Jackie Robinson speaks at the 1963 March On Washington -- which he didn't do in RL.  It is mentioned in the press that Robinson is a Republican, and a friend of Governor Nelson Rockefeller of New York -- a potential candidate to run against President John F. Kennedy the next year.  JFK invites Jackie to the White House.  Between the two of them, they manage to convince enough Congressmen and Senators in their respective parties to get on the ball.  The Civil Rights Act of 1963 is passed, and JFK signs it into law on November 19, 1963.  Then he flies to Dallas.

Jackie and Rachel Robinson attend his funeral, 6 days later.  Rockefeller does run for President in 1964, and, with Jackie seen by his side, he gets the nomination, instead of Senator Barry Goldwater of Arizona.  Rockefeller still loses to Lyndon Johnson, but it's not a wipeout.  Goldwater's hard-right forces fight even harder against Rockefeller in the 1968 primaries, but it's no use, as Richard Nixon's comeback is complete.

History reasserts itself: Even without the Goldwater nomination, the conservative movement finally nominates their man in 1980.  By which point, Jackie has been dead for 8 years.

Well, history almost reasserts itself.  In 1989, in a special election to succeed Senator John Stennis of Mississippi, Congressman Trent Lott is defeated by a man roughly the same age.  Another Congressman, who had been the first black professor at the University of Mississippi.  Emmett Till.

In 1994, presuming that the coming Republican electoral tide will sweep Till out of office, President Bill Clinton appoints him to the Supreme Court, where he still sits today, at the age of 71.

*

So there's failure, and attempted sabotage.  But what if the sabotage succeeds?

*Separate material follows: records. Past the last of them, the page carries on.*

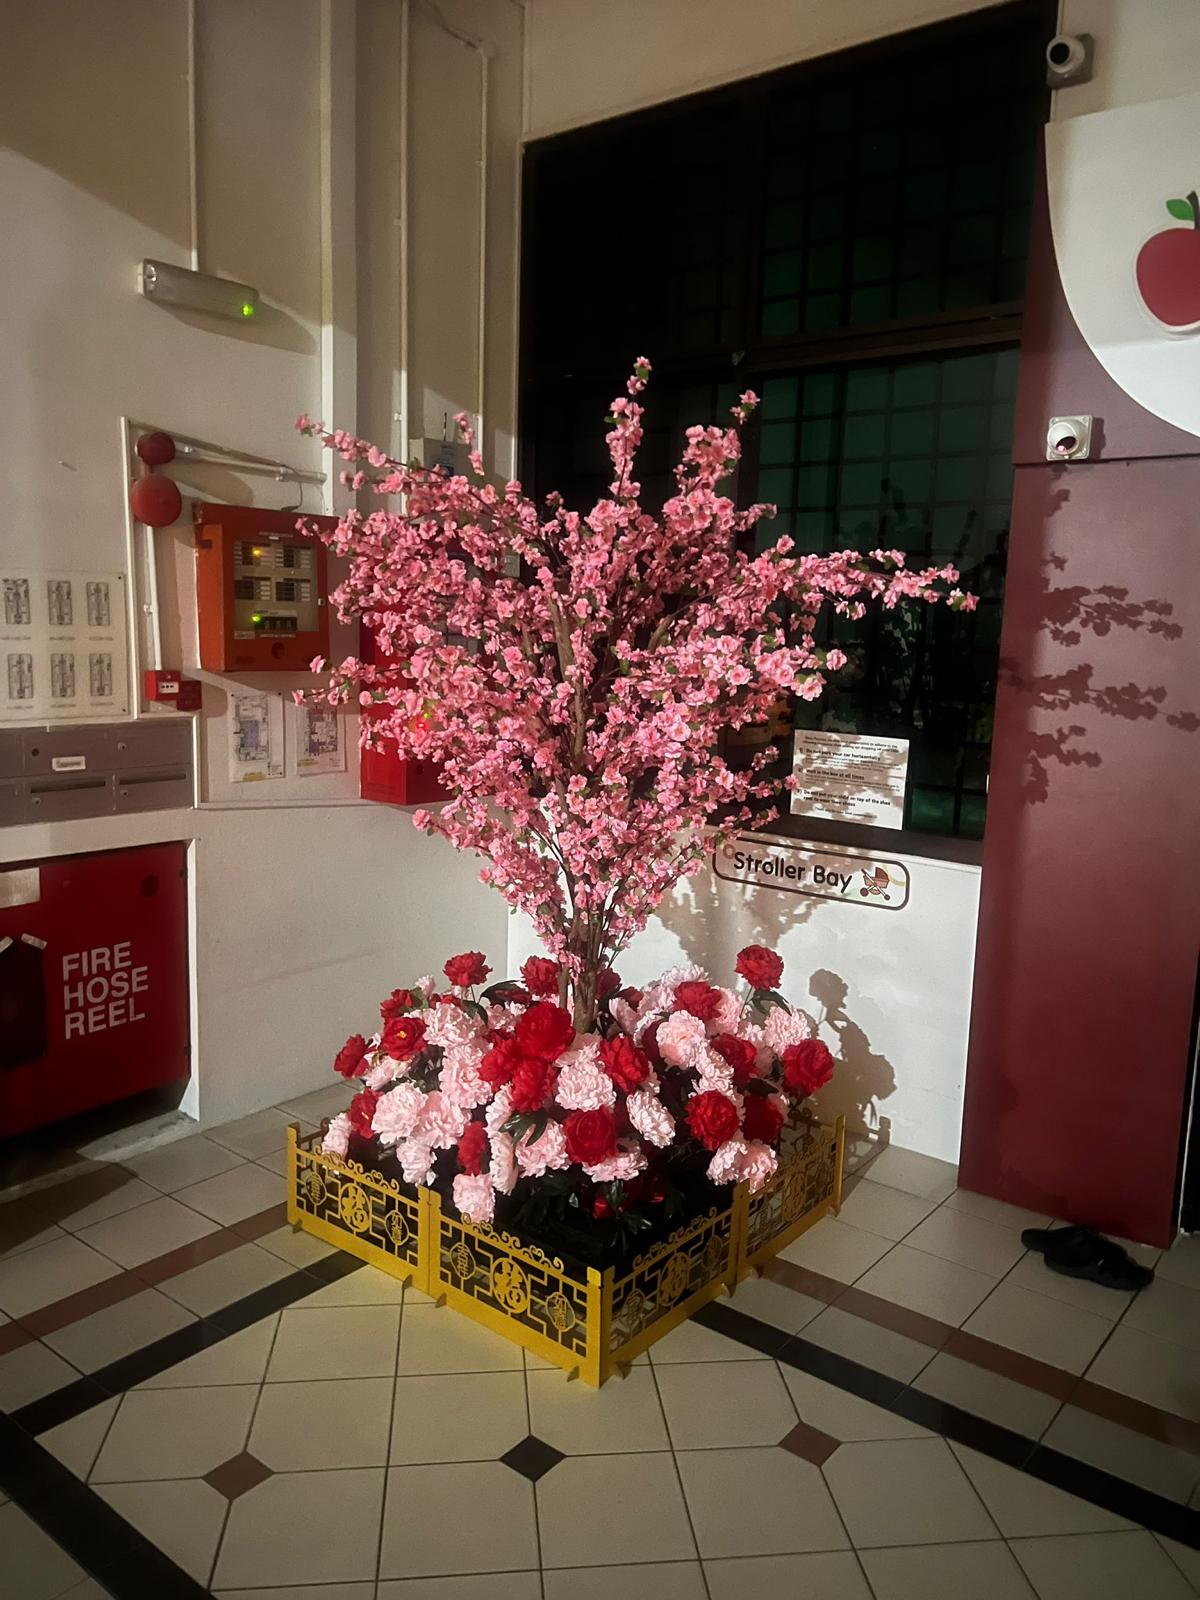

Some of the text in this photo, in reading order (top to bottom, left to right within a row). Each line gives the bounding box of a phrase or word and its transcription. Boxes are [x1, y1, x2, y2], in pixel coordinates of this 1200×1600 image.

[733, 852, 853, 893] Stroller Bay
[63, 941, 132, 981] FIRE
[64, 966, 148, 1010] HOSE
[65, 998, 145, 1039] REEL
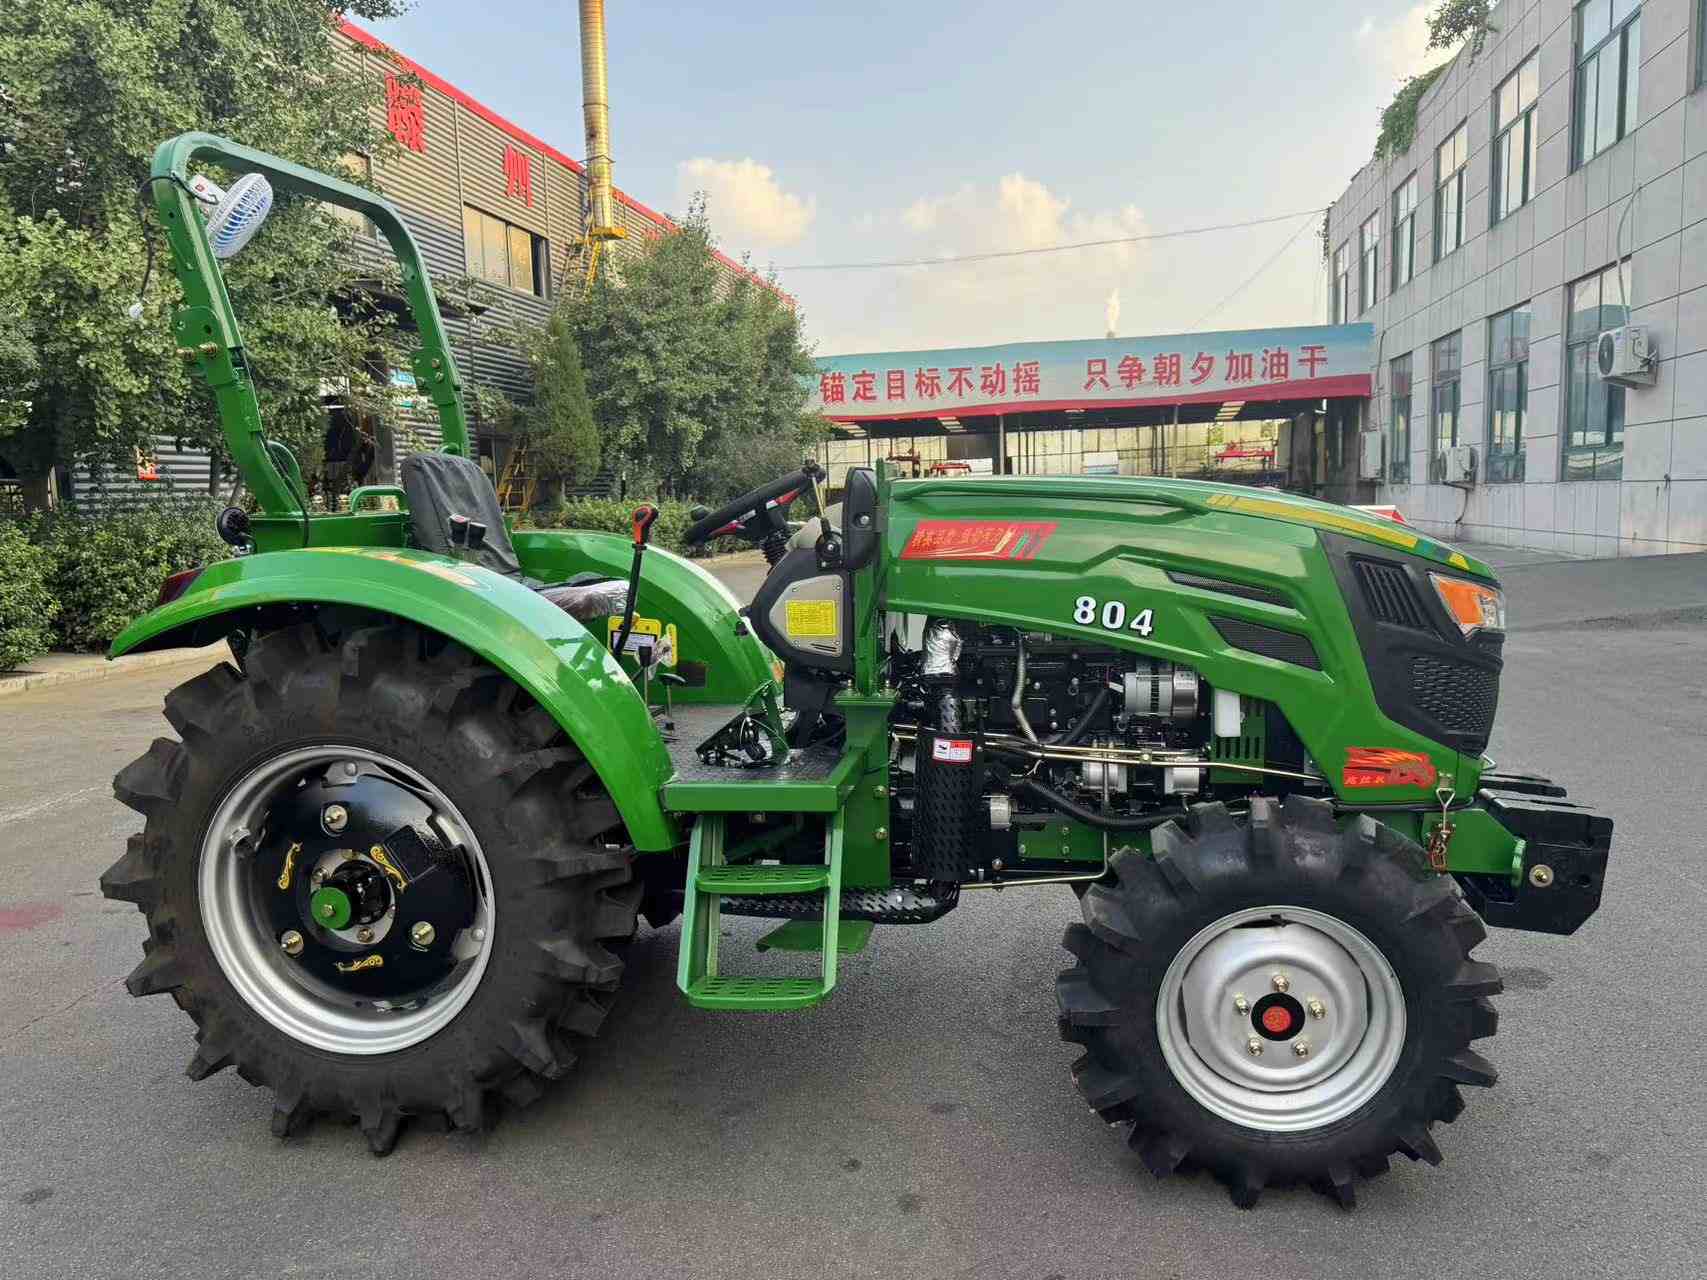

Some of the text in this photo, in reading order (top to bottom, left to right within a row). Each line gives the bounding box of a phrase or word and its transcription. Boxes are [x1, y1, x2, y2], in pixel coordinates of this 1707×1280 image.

What if, in TTL, Hughes hits Jackie not in the back, but in the head?

The Dodgers were the first team to use batting helmets, experimenting with metal inserts after Joe Medwick (formerly of the Cardinal Gashouse Gang) was hit shortly after they acquired him in 1940.  But by 1947, although all the Dodgers were using them, they weren't nearly as good as they would become.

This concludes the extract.